* **INPUT DATA**

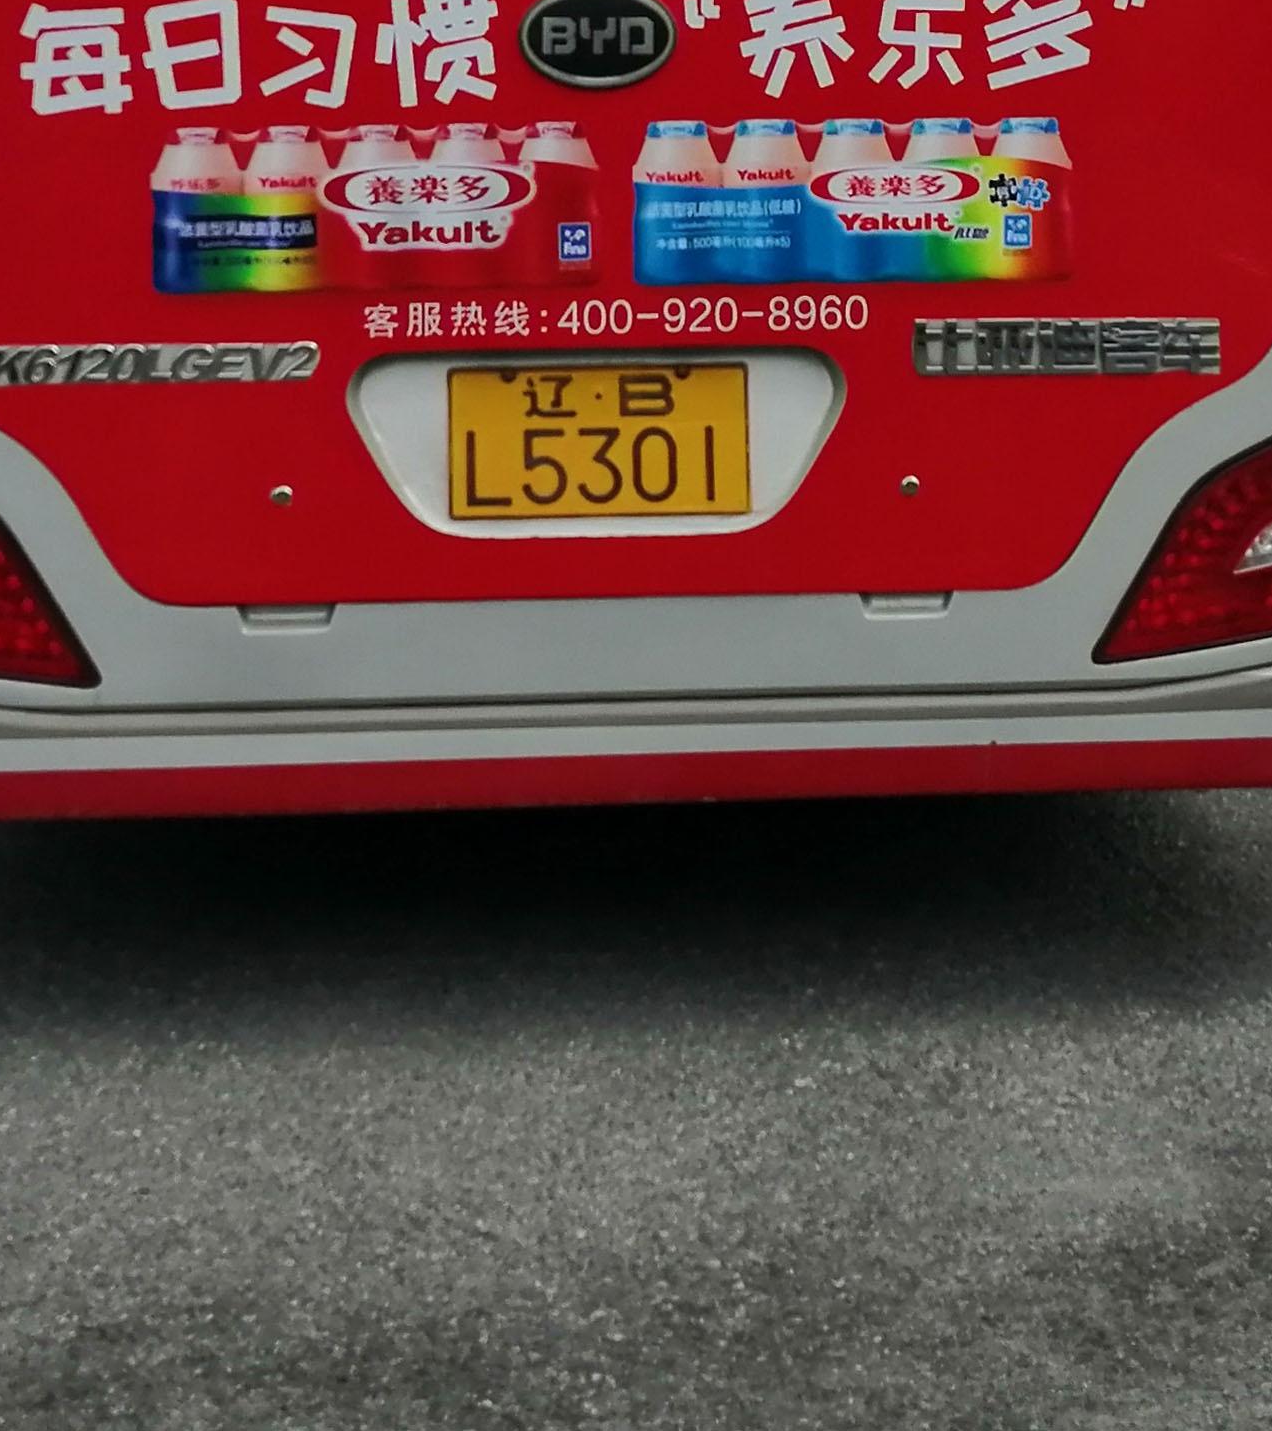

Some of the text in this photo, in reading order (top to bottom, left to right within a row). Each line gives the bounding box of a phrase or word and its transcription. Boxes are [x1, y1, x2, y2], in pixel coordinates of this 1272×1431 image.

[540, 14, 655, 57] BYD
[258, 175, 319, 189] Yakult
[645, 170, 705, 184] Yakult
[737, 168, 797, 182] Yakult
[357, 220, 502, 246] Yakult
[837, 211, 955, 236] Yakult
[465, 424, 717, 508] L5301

...

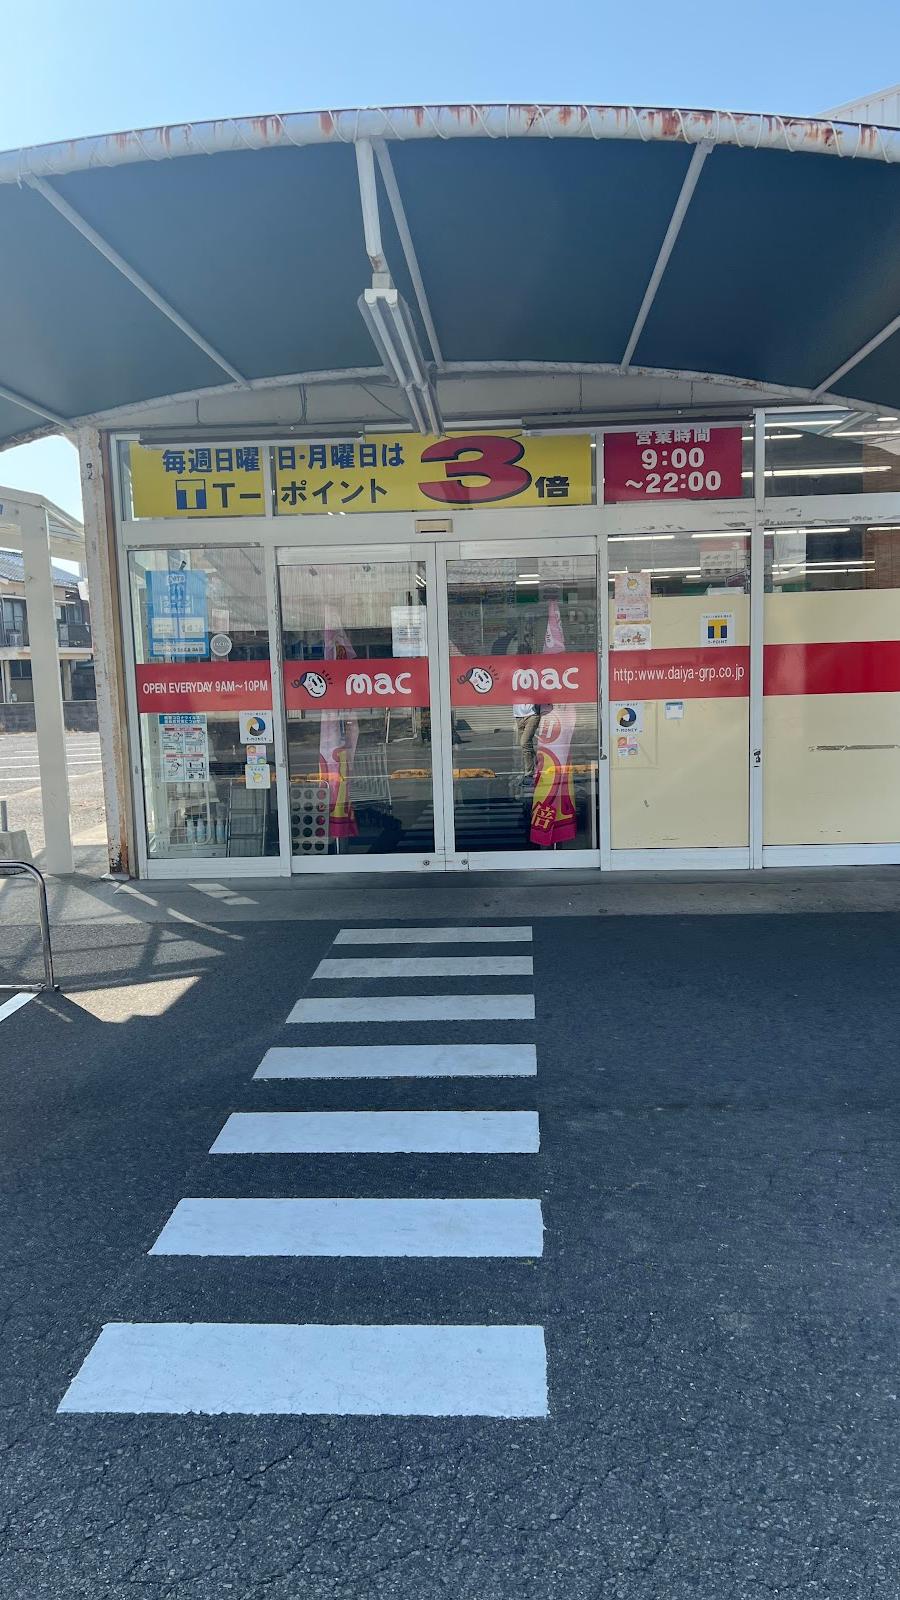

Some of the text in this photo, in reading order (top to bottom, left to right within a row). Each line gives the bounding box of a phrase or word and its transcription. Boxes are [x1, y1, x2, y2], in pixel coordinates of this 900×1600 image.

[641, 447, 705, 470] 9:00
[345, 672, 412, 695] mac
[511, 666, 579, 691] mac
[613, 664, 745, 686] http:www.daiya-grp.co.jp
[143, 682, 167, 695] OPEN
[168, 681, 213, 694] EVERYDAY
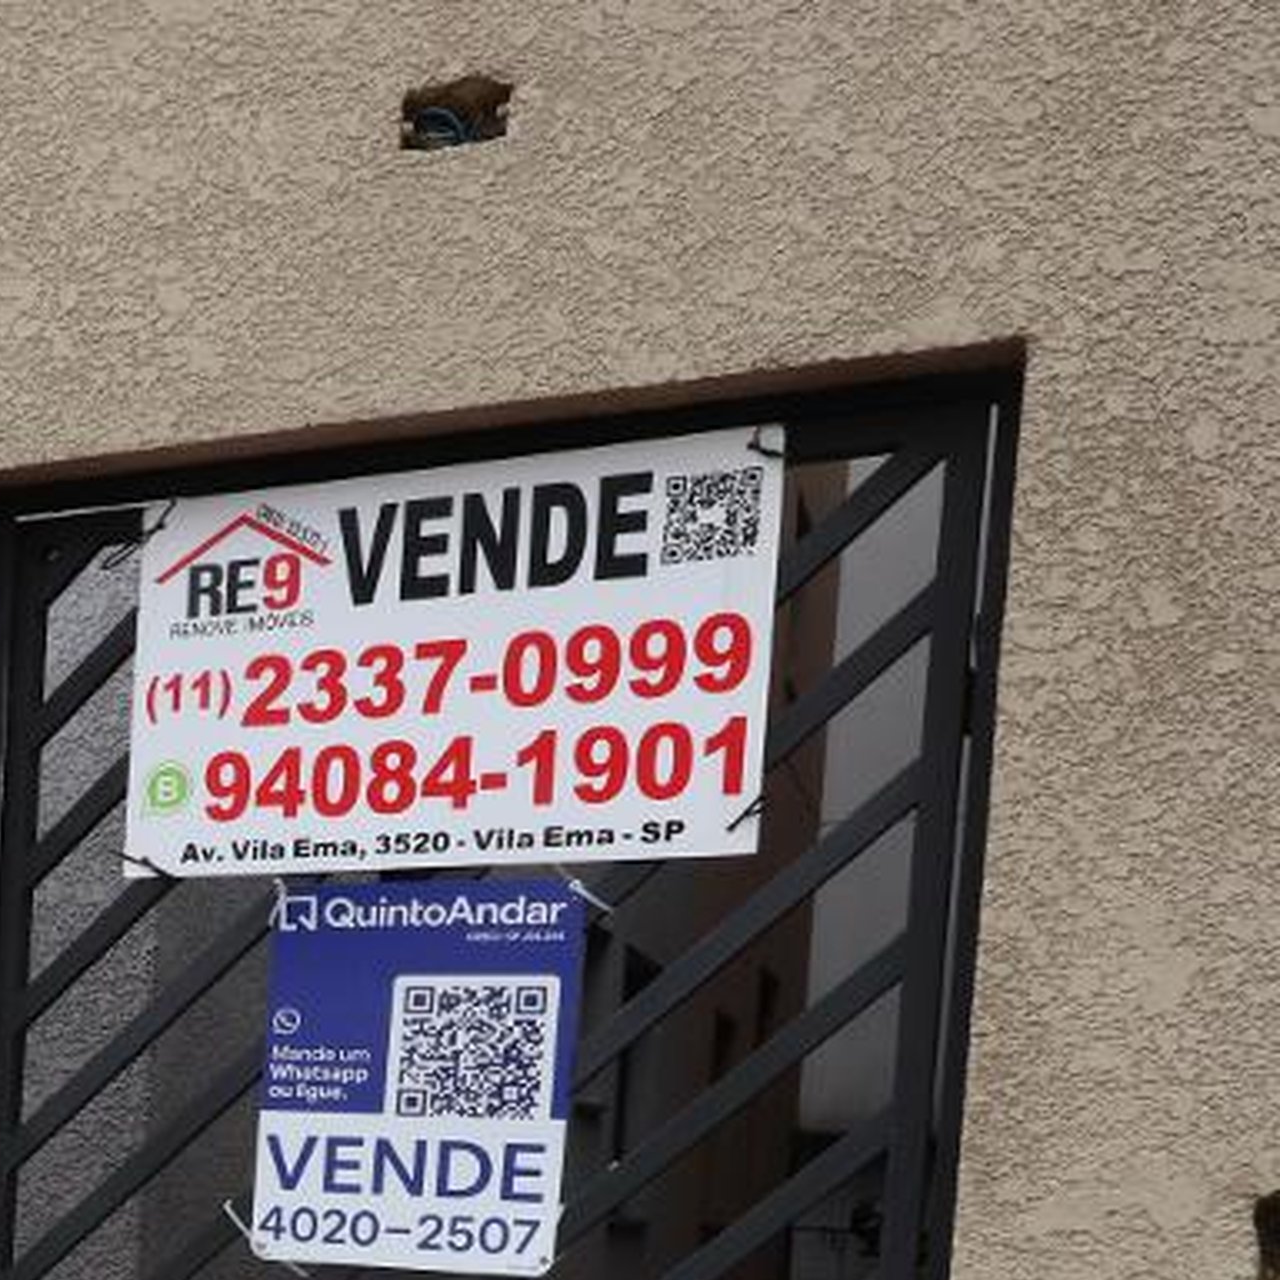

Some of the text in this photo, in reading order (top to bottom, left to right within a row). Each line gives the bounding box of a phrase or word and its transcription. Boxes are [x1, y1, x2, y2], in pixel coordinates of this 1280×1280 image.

* **TASK TO CARRY OUT**
In the records above, find the line containing "this 900×1600 image." and the line containing "this 1280×1280 image.", then give both of them again word for word along with every line between. Omit any pictures.

* **OUTPUT BELOW**
Some of the text in this photo, in reading order (top to bottom, left to right within a row). Each line gives the bounding box of a phrase or word and its transcription. Boxes are [x1, y1, x2, y2], in pixel coordinates of this 900×1600 image.

[641, 447, 705, 470] 9:00
[345, 672, 412, 695] mac
[511, 666, 579, 691] mac
[613, 664, 745, 686] http:www.daiya-grp.co.jp
[143, 682, 167, 695] OPEN
[168, 681, 213, 694] EVERYDAY

Some of the text in this photo, in reading order (top to bottom, left to right within a row). Each line gives the bounding box of a phrase or word and its transcription. Boxes are [x1, y1, x2, y2], in pixel coordinates of this 1280×1280 image.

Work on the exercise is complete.